As research on (ir)rationality is rich but inconclusive, let’s check in with the four horsemen. What stands between us and the attainment of rationality (+ virtue, + well-being)?

  1. Unreflection. This is the bulk of Pinker’s charge: there are failures of logical reasoning, ignorance of probability theory and experimental methods, and other critical-thinking what-have-yous. Our shoddy performance, as Pinker explains, is in large part a cultural artifact if it is indeed the case that people living in a state of adaptation to their environment – such as the Ju/’Hoansi Bushmen (i.e., the San) – are being rational in their world.
  2. Bad information. With social media, fake news, and the breakdown of information systems curated by experts, we find another source of irrationality that does not reside in the mind proper; rather, it exploits the natural features of mind. To fault the the mind for this is to blame the mouse for being stomped by the rhinoceros.
  3. Tribalism. This is the enfant terrible du jour among the masters of our misery (Forgas et al., 2021). Our minds, the story goes, are adapted to a Pleistocene world of gathering and hunting, a world in which maintaining a place in a close-knit and interdependent group was of utmost importance. Now we live in a complex and fluid world, and our stone-age minds search for tribal assurances that become ever more ephemeral. This might just be a Just So story. Its Achilles heel is that it is far from clear that among persistence hunters like the San [whom Pinker praises for their rationality], fear and loathing of the tribe across the river is a major psychological driving force.
  4. Moralism. The last horseman Pinker only hints at (e.g., when bemoaning collegiate asphyxia); he does not develop it. Moralism, the bastard child of morality, deals in absolutes and thereby shortcuts critical thinking (see 1.). It begets motivated, self-serving, and ingroup-serving thinking. Moralism offers the empty calories of feeling good about oneself while failing to do the hard work of thinking through the implications of one's judgments. Perhaps a book will come along to beat this horse and the man who rode in on it.

Nachklang [a reverberation after a tone has gone]

The master narrative on (ir)rationality in the psychological literature wobbles between pity and condemnation.
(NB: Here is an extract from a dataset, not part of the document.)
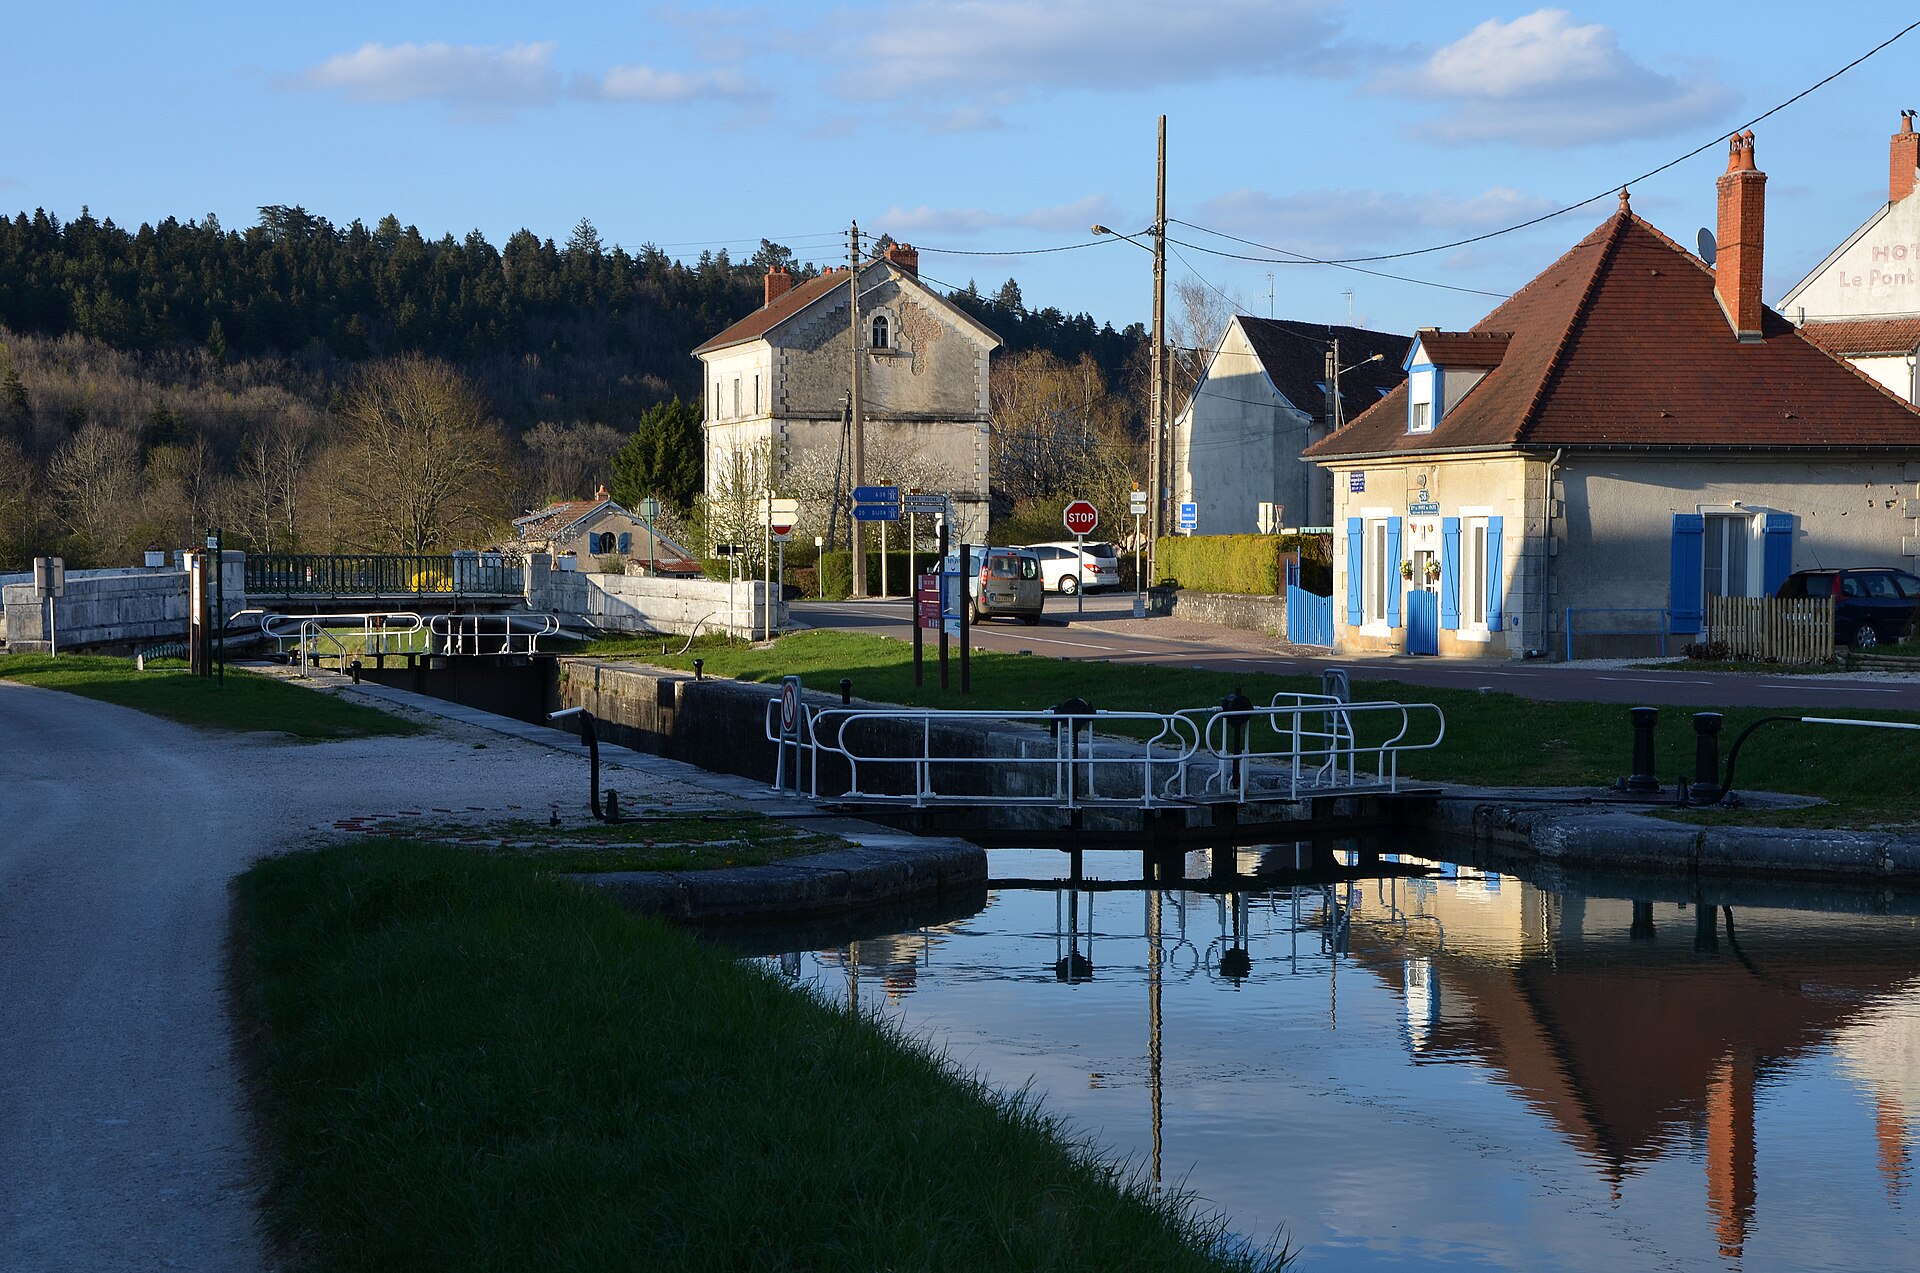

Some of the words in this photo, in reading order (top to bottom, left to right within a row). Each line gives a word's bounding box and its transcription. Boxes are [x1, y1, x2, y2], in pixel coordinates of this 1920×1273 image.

[1839, 271, 1863, 288] Le
[1869, 268, 1914, 287] Pont
[1068, 513, 1094, 522] STOP
Pinker and other recent authors have toned down the condemnation, pointing to the out-of-mind forces that conspire to trap us in woo-woo thinking and saddle us with weird beliefs. When judgment is completely gone, we can focus - like Spinoza - on the task to understand people.

References

Forgas, J. P., Crano, W. D., & Fiedler, K. 2021) (eds.). The social psychology of populism: The tribal challenge to liberal democracy. Taylor & Francis.

Krueger, J. I. (2021). Inborn ideas. American Journal of Psychology, 134, 122-124.

Krueger, J. I. (2022), January 19). Rationality now! Review of Steven Pinker's 'Rationality'. American Journal of Psychology. https://doi.org/10.31234/osf.io/wyc8q

Pinker, S. (2021). Rationality. Viking.